_Information provided_
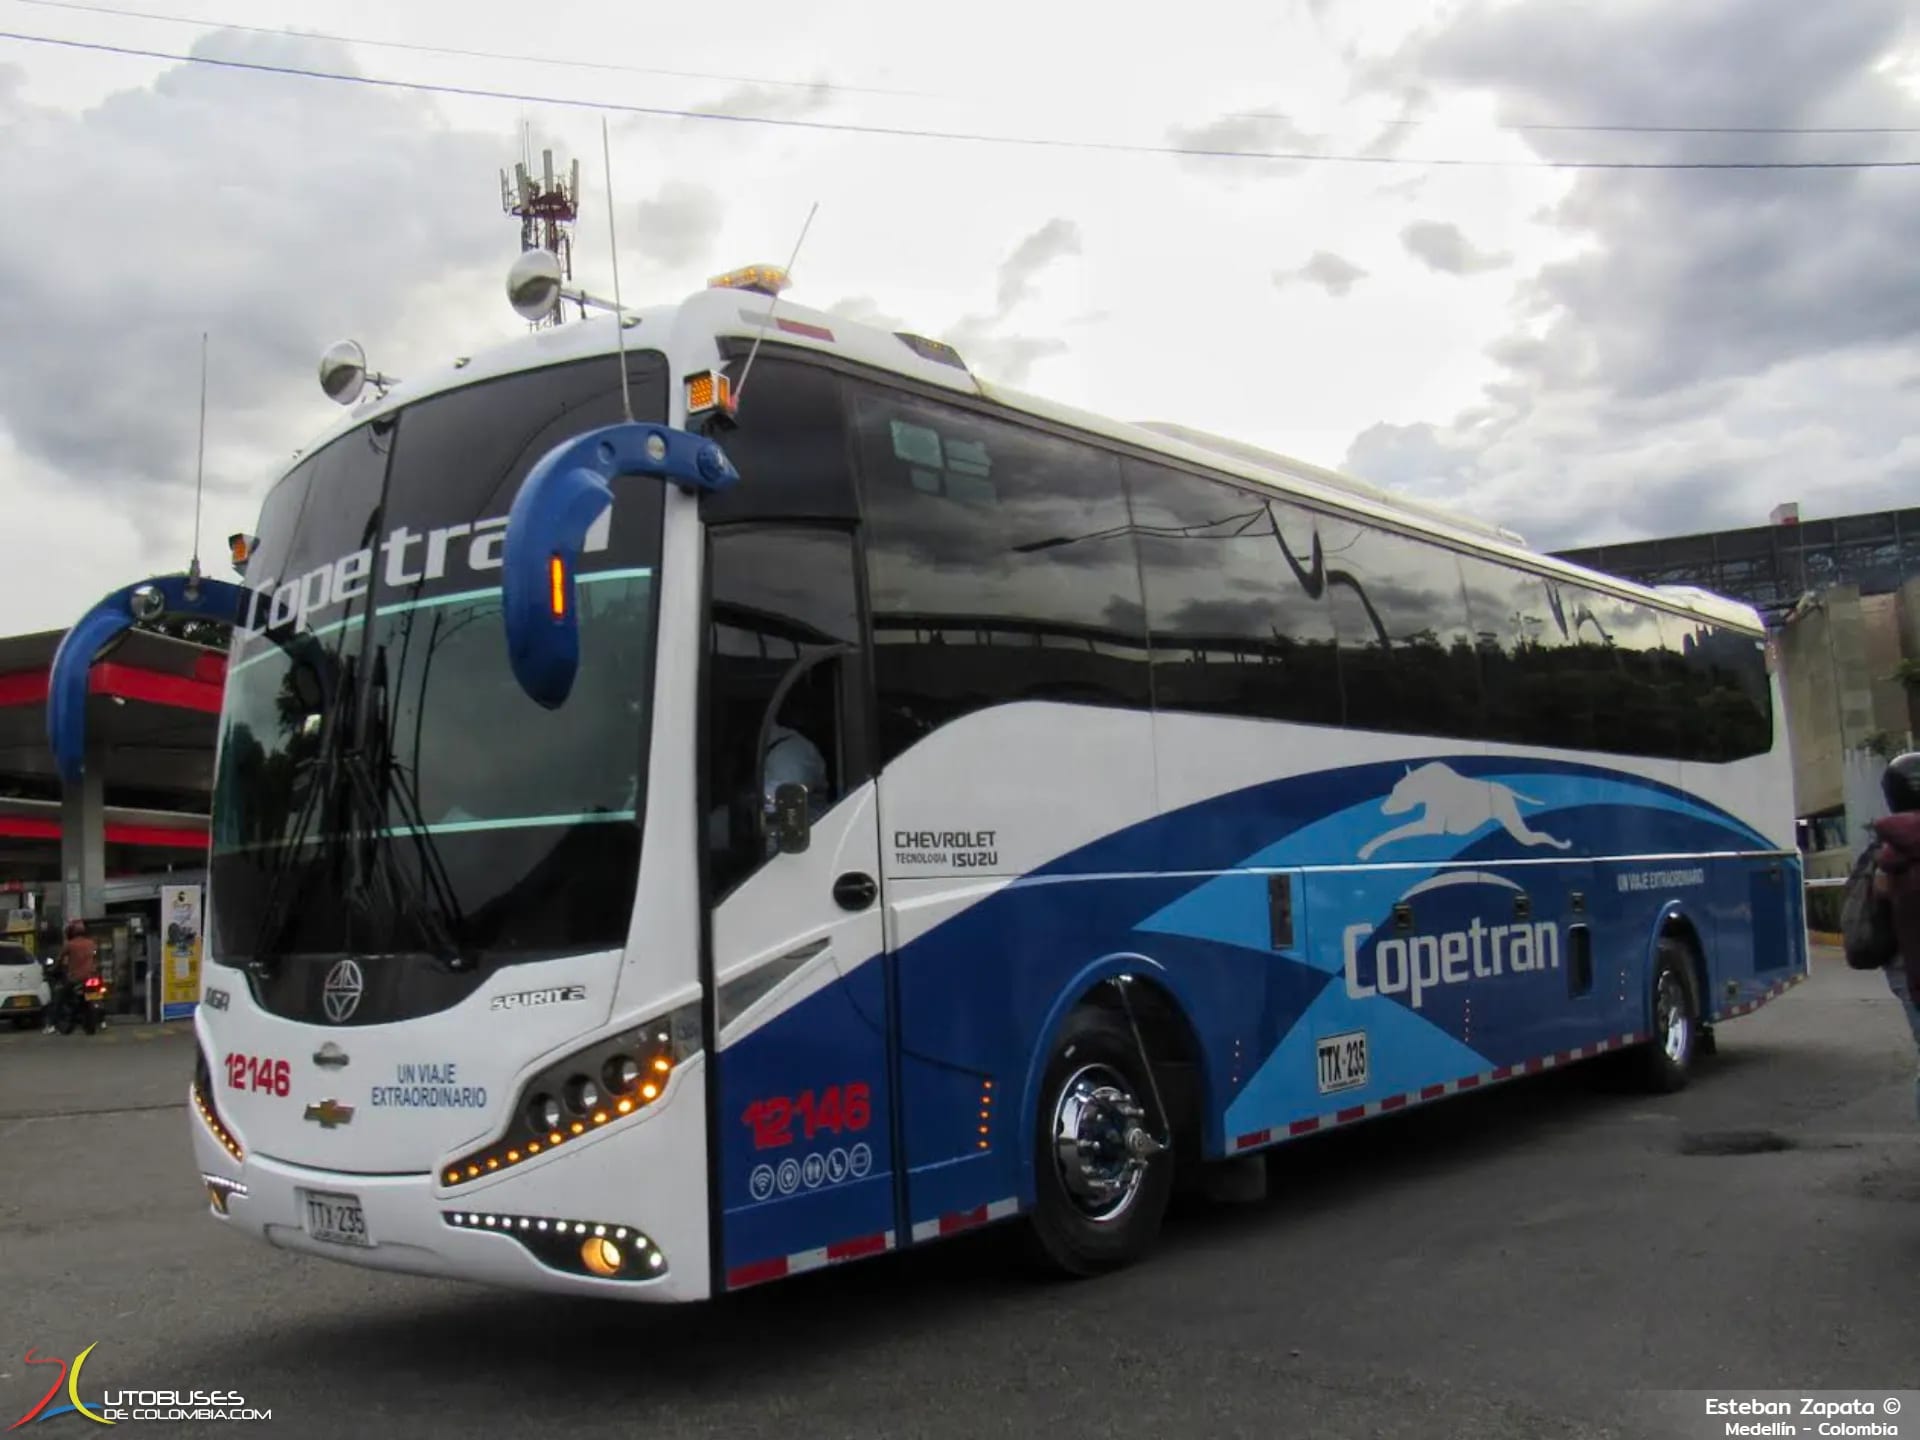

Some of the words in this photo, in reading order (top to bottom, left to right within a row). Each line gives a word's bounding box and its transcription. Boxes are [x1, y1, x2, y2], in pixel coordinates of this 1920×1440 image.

[244, 503, 613, 638] Copetra
[894, 830, 996, 849] CHEVROLET
[951, 850, 998, 868] ISUZU
[1343, 916, 1559, 1009] Copetran
[224, 1051, 291, 1098] 12146
[396, 1063, 416, 1085] UN
[417, 1063, 457, 1085] VIAJE
[370, 1085, 488, 1109] EXTRAORDINARIO
[740, 1080, 872, 1150] 12146

_Task to carry out_
Images in the records must not be repeated; everything else should be returned exactly.

_Solution below_
Some of the words in this photo, in reading order (top to bottom, left to right within a row). Each line gives a word's bounding box and its transcription. Boxes are [x1, y1, x2, y2], in pixel coordinates of this 1920×1440 image.

[244, 503, 613, 638] Copetra
[894, 830, 996, 849] CHEVROLET
[951, 850, 998, 868] ISUZU
[1343, 916, 1559, 1009] Copetran
[224, 1051, 291, 1098] 12146
[396, 1063, 416, 1085] UN
[417, 1063, 457, 1085] VIAJE
[370, 1085, 488, 1109] EXTRAORDINARIO
[740, 1080, 872, 1150] 12146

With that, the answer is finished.